Watch Dave Mustaine Discuss Collecting Records In The Sound Of Vinyl Interview
The Megadeth frontman says, ““My collection of vinyl was pretty varied – It wasn’t enormous but it was very diversified.”
Dave Mustaine has helmed Megadeth since 1983 and thanks to influential, multi-platinum-selling titles such as Countdown To Extinction and the widely-acclaimed Rust In Peace, his titanic outfit have retained their reputation as one of thrash metal’s “Big Four” for the best part of four decades.
However, while Mustaine is the very epitome of a rock star in his own right, he’s also a huge fan of music, whose love of vinyl has sustained despite the variety of choices now available to consumers today. He happily agreed to delve further into his love of collecting music for the latest in uDiscover Music’s exclusive Sound Of Vinyl interview series. You can watch the interview in full directly below, but if you scroll down a little further, you can sample a few of the Megadeth frontman’s insights in advance.
Collecting vinyl today:
Dave Mustaine: “I don’t collect vinyl anymore. A lot of that has to do with the fact that vinyl went the way of the Great White Buffalo, but there has been a resurgence. And one of the people that I believe is partly responsible for some of the resurgence is a musician who lives in the town I live in now in Nashville, it’s Jack White. He’s got a printing vinyl machine and makes vinyl records and stuff which is cool, but I think that’s a bit labor-intensive for someone like me who just wants a record. I’m not going to make one.
“But I did collect records when I was younger and I thought it was really cool. The one band that I collected by far the most of was AC/DC. I loved that band and I had just about every record that they put out.”
Sequencing albums:
Dave Mustaine: “I like to sequence for an album but that is not as big of a component in our making records nowadays, because we are direct to disc or a compact disc or DVD or Blu-ray or whatever. But I still liked to sequence for climax and I had this real simple thing, I like to use metaphors and word pictures, so someone had told me that the Nike swoosh is a perfect way, an example for you when you start your set – start hard, hit them hard, dropped down a little bit and then just build back up and be relentless.
“So that’s what we do with our setlist live and I try and use that same kind of idea with the records, the first three tracks be really good songs that showed the dynamic of the album. And then from there you can take the listener on a journey, finished strong and let them know there’s another album coming. In this case it’s four years from now but before it used to be every two years.”
An eclectic collector of music:
Dave Mustaine: “My collection of vinyl was pretty varied. It wasn’t enormous but it was very diversified I had Split Enz, I had the Dead Kennedys, I had Nick Wilder something like that, “Hot Child In the City” and all kinds of stuff. Because I was a person that I would trade stuff for to get records and I would always get new releases. That’s how I found Bucci, it was a new release. That’s how I found Iron Maiden, it was a new release that came to this old record store and I would go there and I would see my friend and I would come back with vinyl.

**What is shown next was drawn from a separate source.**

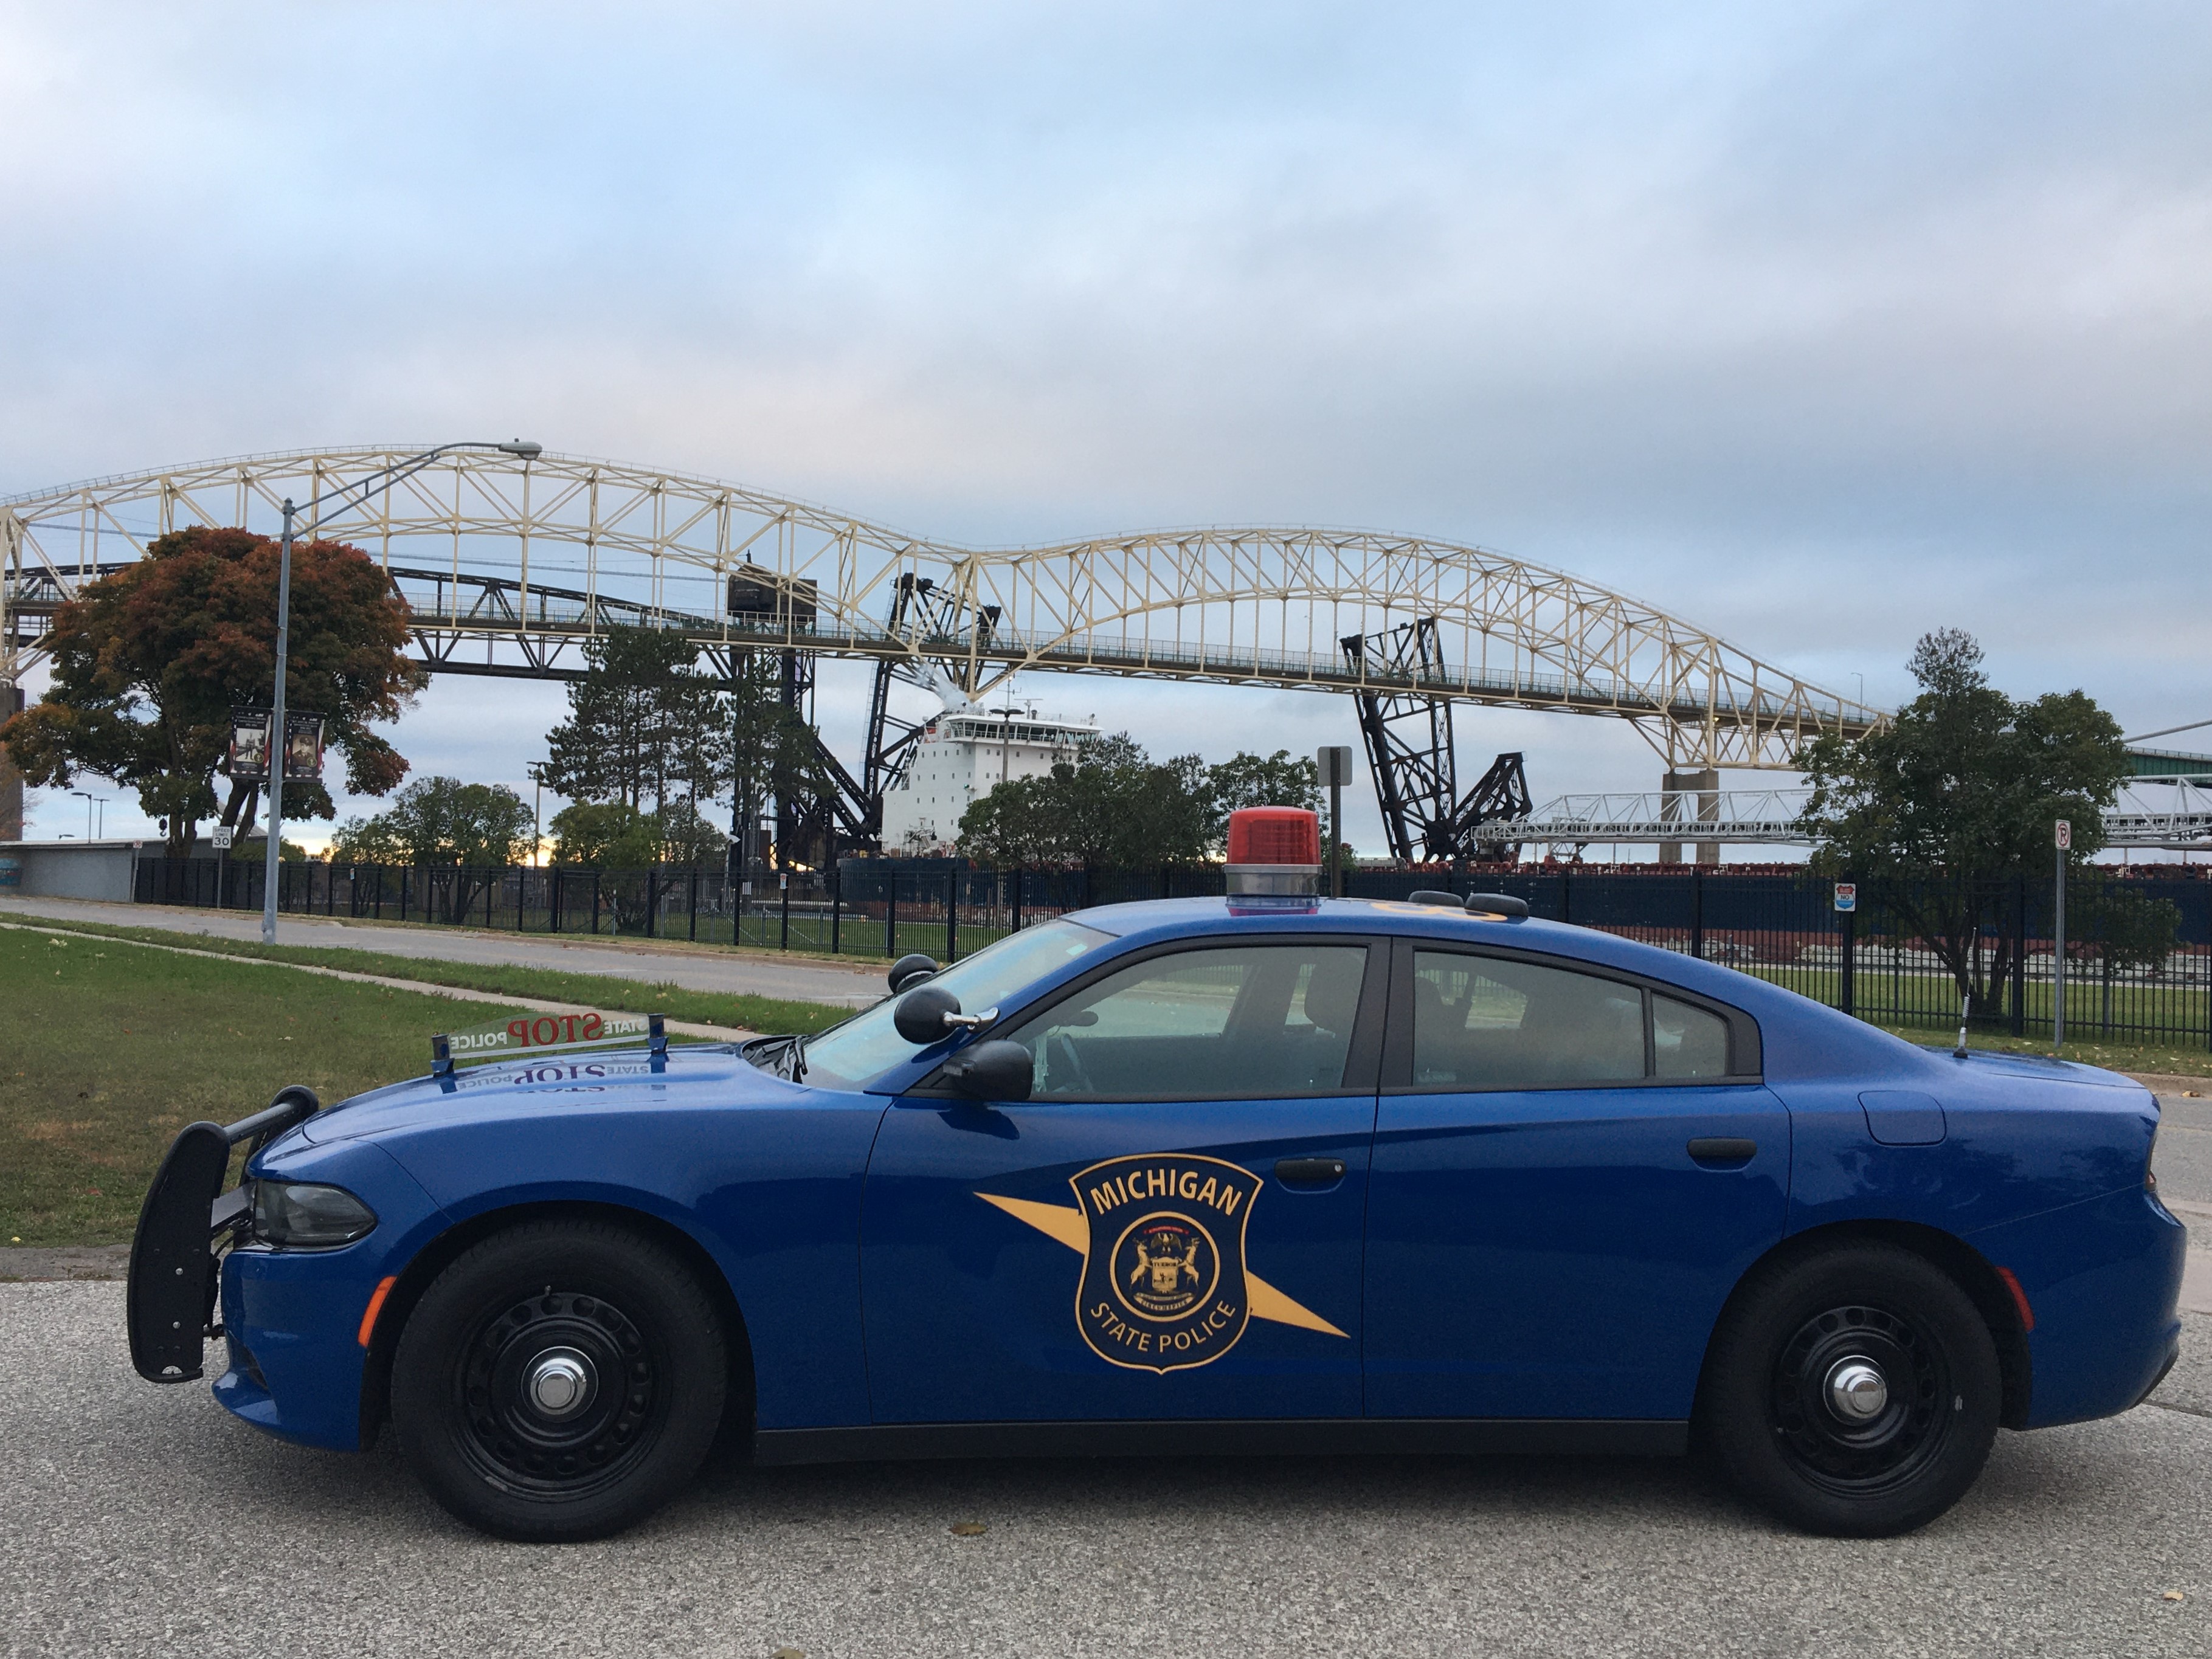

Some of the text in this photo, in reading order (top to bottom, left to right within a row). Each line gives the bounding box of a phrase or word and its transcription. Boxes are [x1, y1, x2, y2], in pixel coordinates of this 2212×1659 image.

“Probably the biggest collection of vinyl other than AC/DC would have probably have been Judas Priest. That’s probably it, but it’s hard to say because AC/DC was so… It’s the balance, there was so much AC/DC so regardless whatever I had of anybody else that would paid on comparison. But I loved Led Zeppelin and I found that, because I have CDs of Led Zeppelin stuff, that they don’t have vinyl of because it’s really rare rehearsal stuff. That to me is some of my most prized possessions.”